Spatial localization data:
::::::
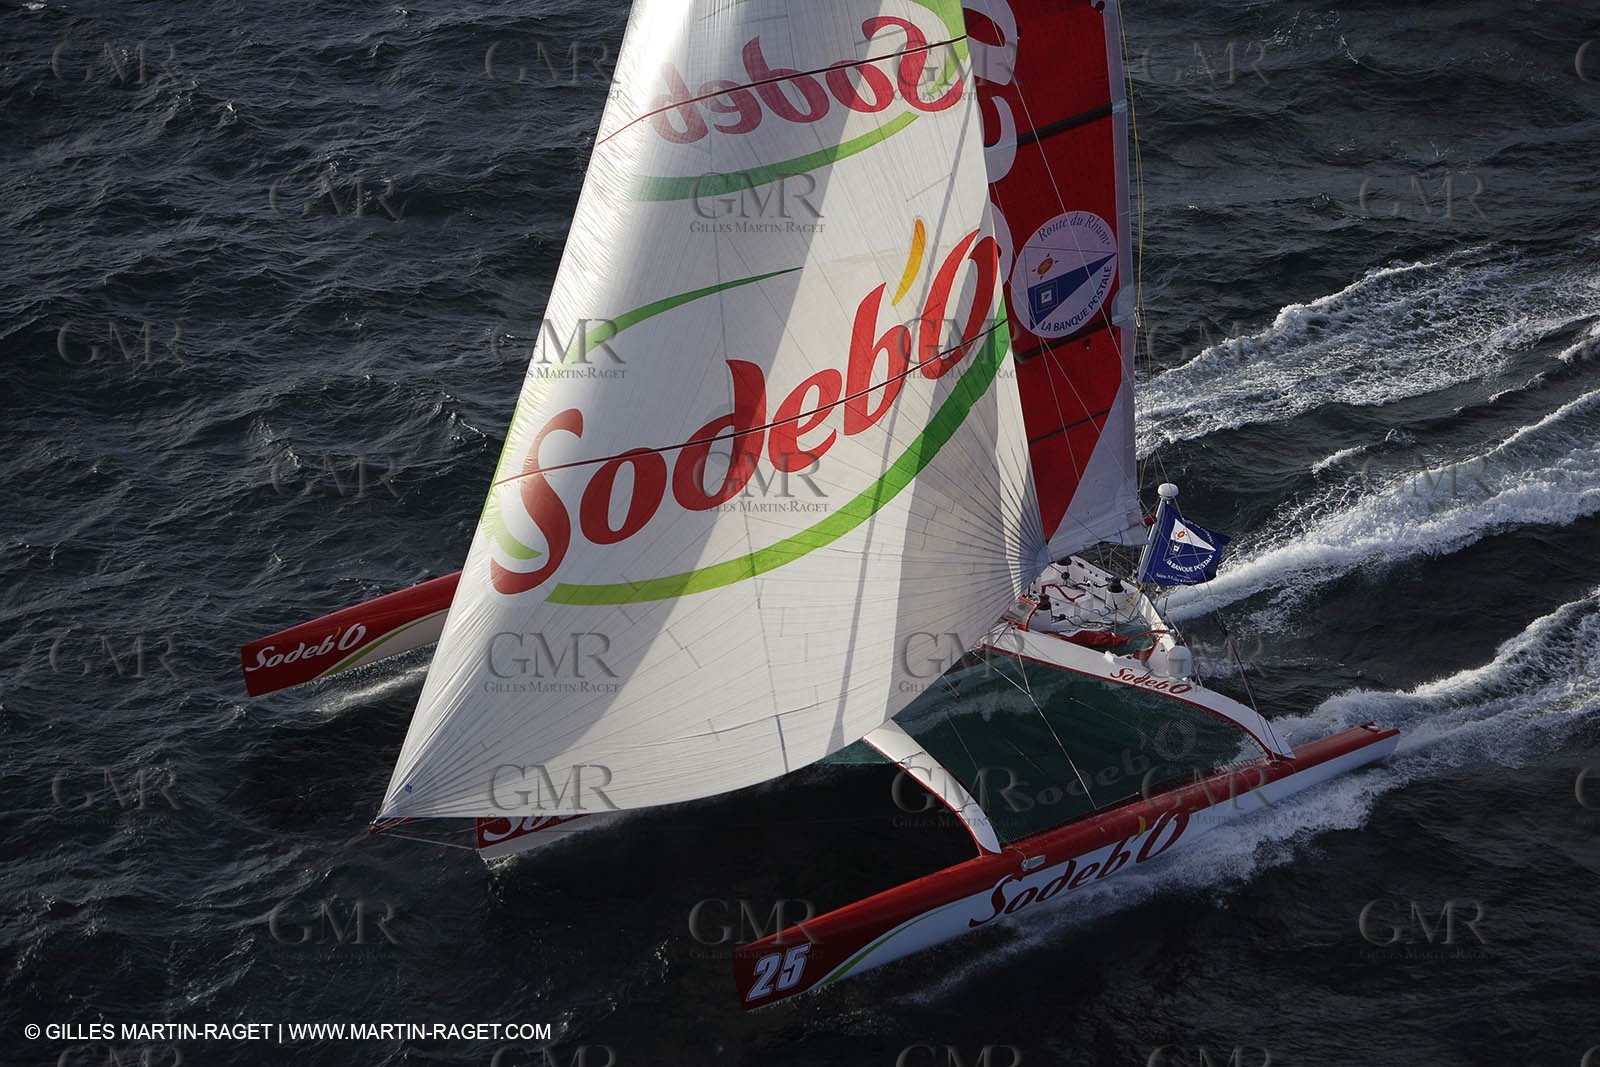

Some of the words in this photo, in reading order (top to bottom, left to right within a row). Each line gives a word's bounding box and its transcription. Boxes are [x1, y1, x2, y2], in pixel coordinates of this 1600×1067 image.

[1038, 218, 1069, 241] Route
[1070, 212, 1083, 226] du
[1041, 322, 1052, 332] LA
[1053, 310, 1089, 332] BANQUE
[1088, 265, 1113, 310] POSTALE
[490, 218, 1001, 595] Sodeb'O
[745, 943, 812, 1002] 25
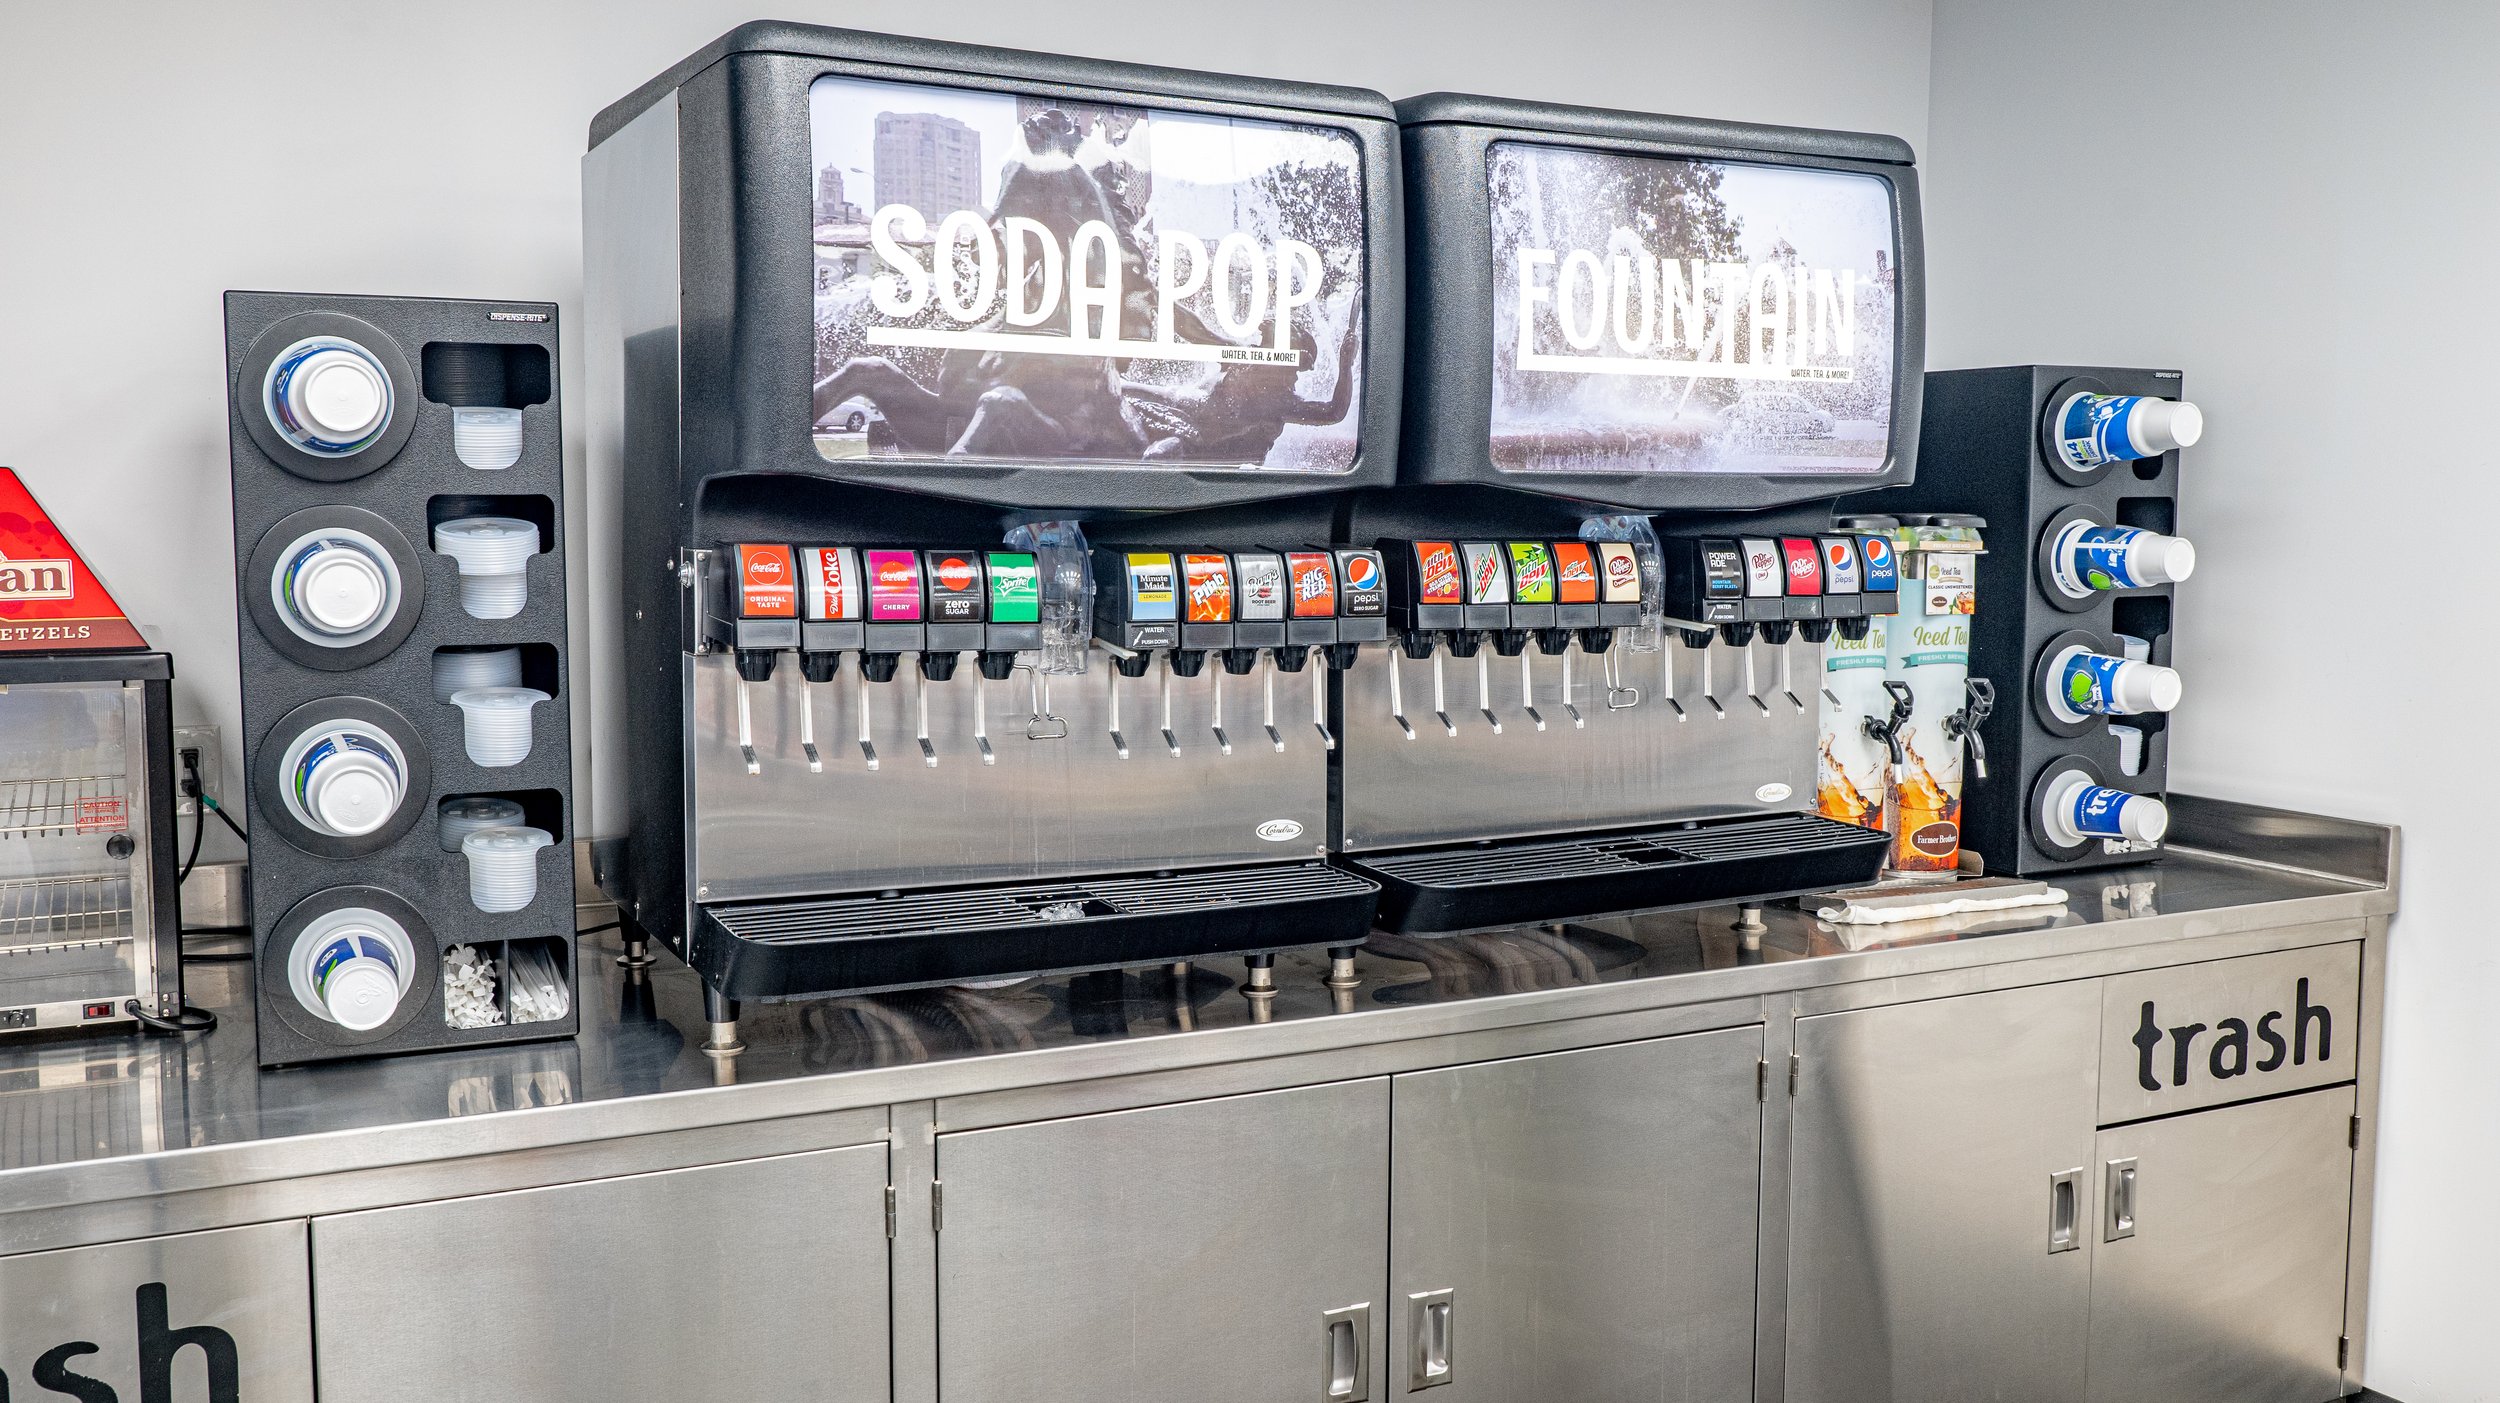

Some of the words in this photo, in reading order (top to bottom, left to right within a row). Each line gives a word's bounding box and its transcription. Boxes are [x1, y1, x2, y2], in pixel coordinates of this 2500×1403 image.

[870, 203, 1123, 342] SODA
[1157, 228, 1324, 350] POP
[1517, 247, 1856, 370] FOUNTAIN
[1221, 349, 1249, 360] WATER,
[1250, 350, 1265, 361] TEA,
[1266, 351, 1272, 362] &
[1273, 352, 1297, 363] MORE!
[1708, 552, 1737, 560] POWER
[1752, 555, 1773, 569] Pepper
[824, 551, 841, 593] Coke
[1791, 560, 1814, 577] Pepper
[1871, 568, 1893, 579] pepsi
[1941, 566, 1953, 576] Iced
[1953, 567, 1961, 576] Tea
[1139, 574, 1169, 583] Minute
[1303, 567, 1323, 586] BIG
[1834, 576, 1855, 585] pepsi
[1001, 576, 1027, 590] Sprite
[1144, 581, 1165, 591] Maid
[1192, 571, 1226, 607] Pibb
[1302, 578, 1327, 602] RED
[757, 601, 780, 609] TASTE
[945, 600, 970, 609] zero
[1354, 593, 1379, 605] pepsi
[882, 603, 910, 611] CHERRY
[1144, 626, 1165, 634] WATER
[1913, 625, 1951, 646] Iced
[1953, 626, 1968, 646] Tea
[1141, 638, 1154, 646] PUSH
[79, 815, 125, 823] ATTENTION
[1917, 834, 1939, 844] Farmer
[2132, 976, 2332, 1092] trash
[0, 1281, 240, 1403] sh
::::::
- _Problem to work on_:
The whole of the data needs to be copied word for word, though not its pictures.

- _Answer to this task_:
Some of the words in this photo, in reading order (top to bottom, left to right within a row). Each line gives a word's bounding box and its transcription. Boxes are [x1, y1, x2, y2], in pixel coordinates of this 1600×1067 image.

[1038, 218, 1069, 241] Route
[1070, 212, 1083, 226] du
[1041, 322, 1052, 332] LA
[1053, 310, 1089, 332] BANQUE
[1088, 265, 1113, 310] POSTALE
[490, 218, 1001, 595] Sodeb'O
[745, 943, 812, 1002] 25

Some of the words in this photo, in reading order (top to bottom, left to right within a row). Each line gives a word's bounding box and its transcription. Boxes are [x1, y1, x2, y2], in pixel coordinates of this 2500×1403 image.

[870, 203, 1123, 342] SODA
[1157, 228, 1324, 350] POP
[1517, 247, 1856, 370] FOUNTAIN
[1221, 349, 1249, 360] WATER,
[1250, 350, 1265, 361] TEA,
[1266, 351, 1272, 362] &
[1273, 352, 1297, 363] MORE!
[1708, 552, 1737, 560] POWER
[1752, 555, 1773, 569] Pepper
[824, 551, 841, 593] Coke
[1791, 560, 1814, 577] Pepper
[1871, 568, 1893, 579] pepsi
[1941, 566, 1953, 576] Iced
[1953, 567, 1961, 576] Tea
[1139, 574, 1169, 583] Minute
[1303, 567, 1323, 586] BIG
[1834, 576, 1855, 585] pepsi
[1001, 576, 1027, 590] Sprite
[1144, 581, 1165, 591] Maid
[1192, 571, 1226, 607] Pibb
[1302, 578, 1327, 602] RED
[757, 601, 780, 609] TASTE
[945, 600, 970, 609] zero
[1354, 593, 1379, 605] pepsi
[882, 603, 910, 611] CHERRY
[1144, 626, 1165, 634] WATER
[1913, 625, 1951, 646] Iced
[1953, 626, 1968, 646] Tea
[1141, 638, 1154, 646] PUSH
[79, 815, 125, 823] ATTENTION
[1917, 834, 1939, 844] Farmer
[2132, 976, 2332, 1092] trash
[0, 1281, 240, 1403] sh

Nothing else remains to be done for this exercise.